À Sainte-Justine, la philanthropie est, depuis 115 ans, le moteur de l’innovation et de l’excellence qui se déploie quotidiennement par l’équipe d’experts auprès des enfants de partout en province. Et l’impact est là, il est humain. C’est votre enfant, votre voisine, le fils de votre collègue... C’est cet enfant si près alors que l’on pensait que ça n’arrivait qu’aux autres... S’il était né 15 ans plus tôt, le petit Jacob, rencontré à Sainte-Justine il y a quelques jours, n’aurait eu que 40 % de chances de survivre à la leucémie rare dont il est atteint... Mais la recherche a fait grimper ce pourcentage à 80 %. Et la recherche, elle est propulsée par la philanthropie. Les dons financent des plateformes de recherche, des recrutements stratégiques internationaux et locaux, ils sont investis dans des fonds de démarrage, qui permettent ensuite d’aller chercher de quatre à dix fois le montant initialement financé par les donateurs... Si on veut parler d’effet de levier, ici, il est phénoménal.

On doit parler de vision philanthropique, on doit parler de l’effet multiplicateur de la générosité des donateurs. Il y a quelques jours, un important plafond de verre s’est brisé.
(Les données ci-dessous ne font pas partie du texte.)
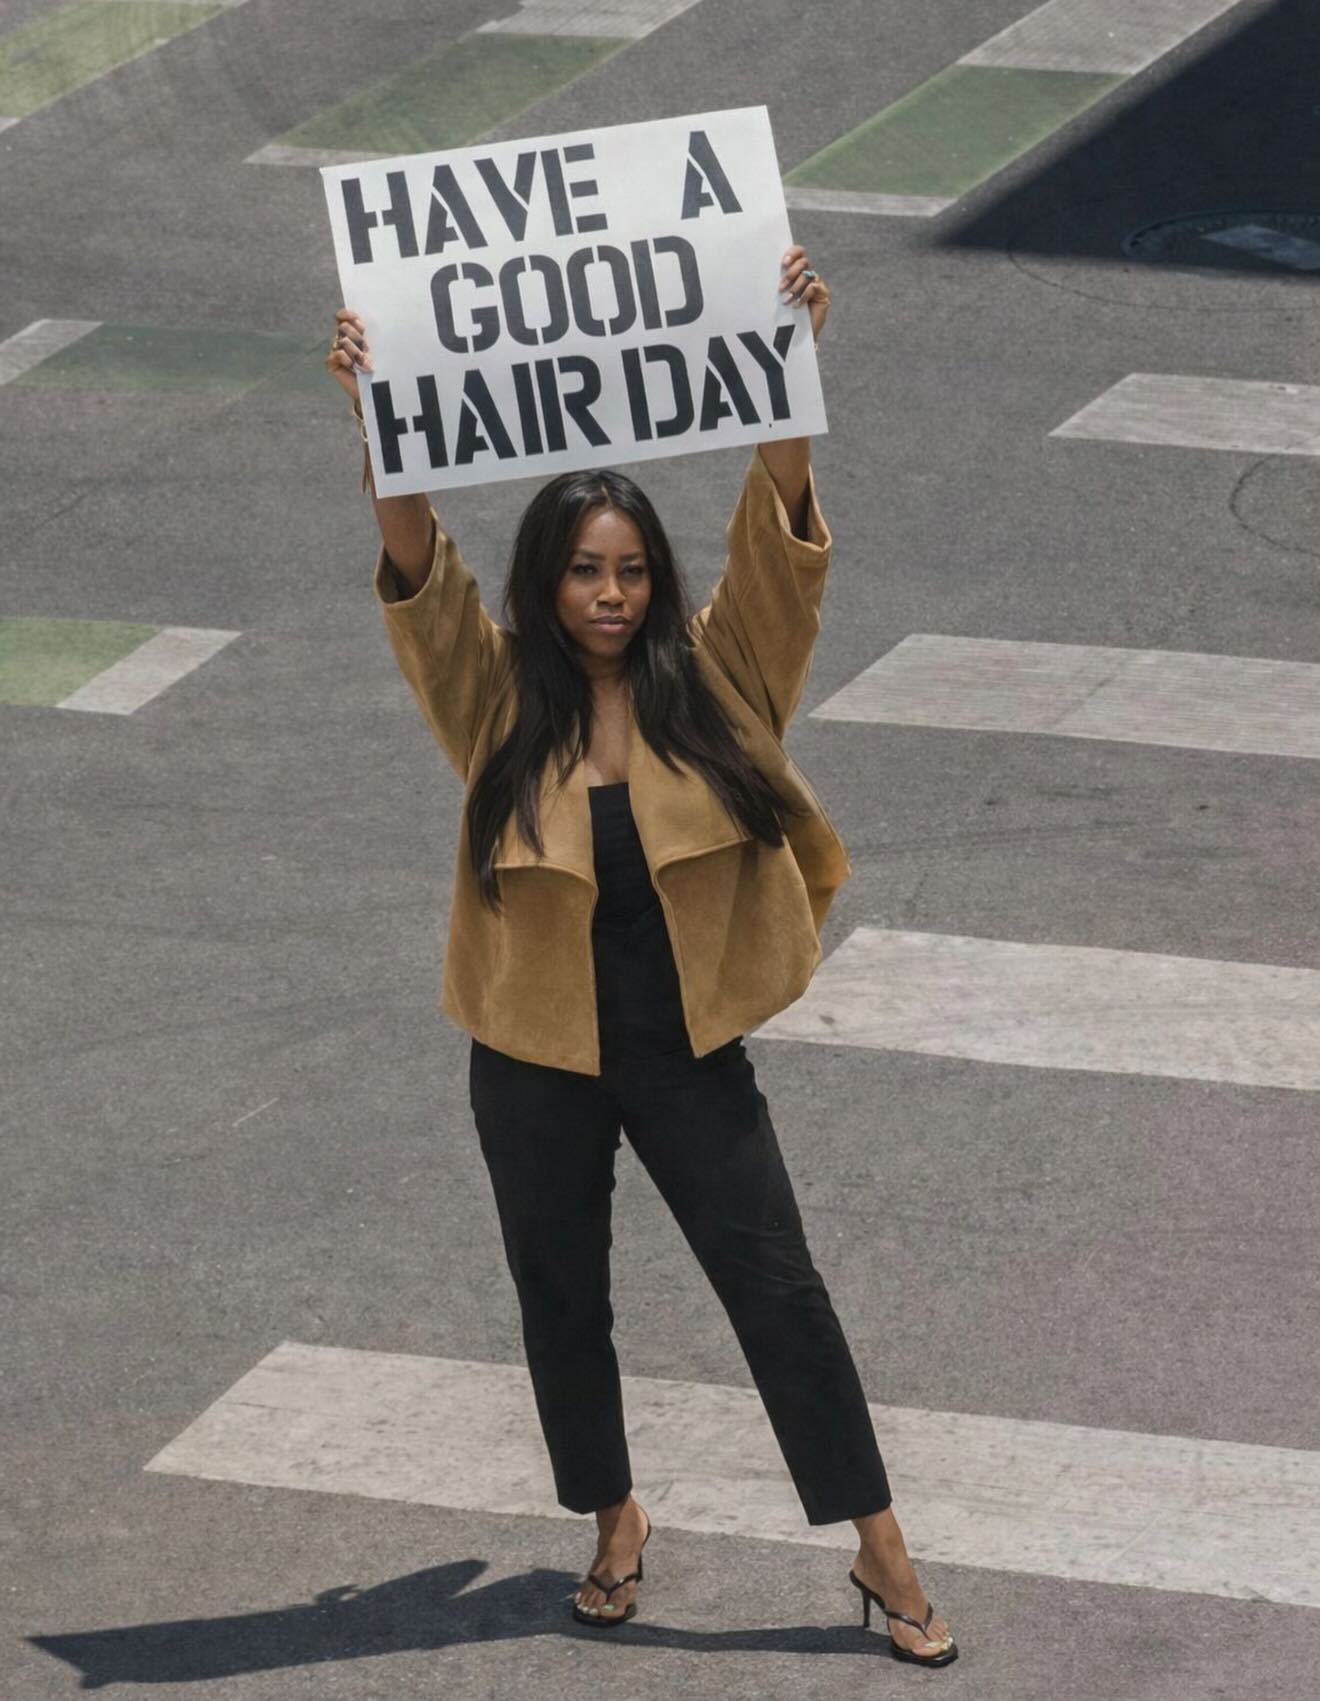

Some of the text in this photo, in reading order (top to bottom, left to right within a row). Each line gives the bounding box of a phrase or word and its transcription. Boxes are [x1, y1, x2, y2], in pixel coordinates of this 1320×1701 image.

[340, 130, 743, 265] HAVE A
[430, 235, 704, 354] GOOD
[370, 324, 796, 475] HAIR DAY
Un couple d’individus généreux a fait le plus grand don de l’histoire du Québec à un centre hospitalier : 40 millions de dollars, pour donner les moyens nécessaires aux équipes de recherche afin de trouver les réponses aux multiples questions encore sans réponse. Pour transformer le visage de notre société. Littéralement.

Pour paraphraser mon collègue, le Dr Alexander Weil, « on fait tous partie de la même bataille ». Il a raison. On est tous les maillons d’une même chaîne.

Et quand les rêves philanthropiques et scientifiques se rencontrent, on assiste à la multiplication des possibles.

Ce grand geste de générosité, posé par un couple non connu de la majorité, est un audacieux et important message à la communauté philanthropique et aux causes qu’elle soutient. Ce don doit inspirer d’autres dons transformationnels, fréquents chez nos voisins du Sud et canadiens.

M. Charest terminait son article, il y a un mois, en nous invitant à nous donner une résolution de type philanthropique pour 2023. J’ajoute ma voix à la sienne. Espérons que le don historique de Mme Blais et M. Lanteigne transcende les murs de Sainte-Justine et donne l’impulsion à une importante vague de générosité.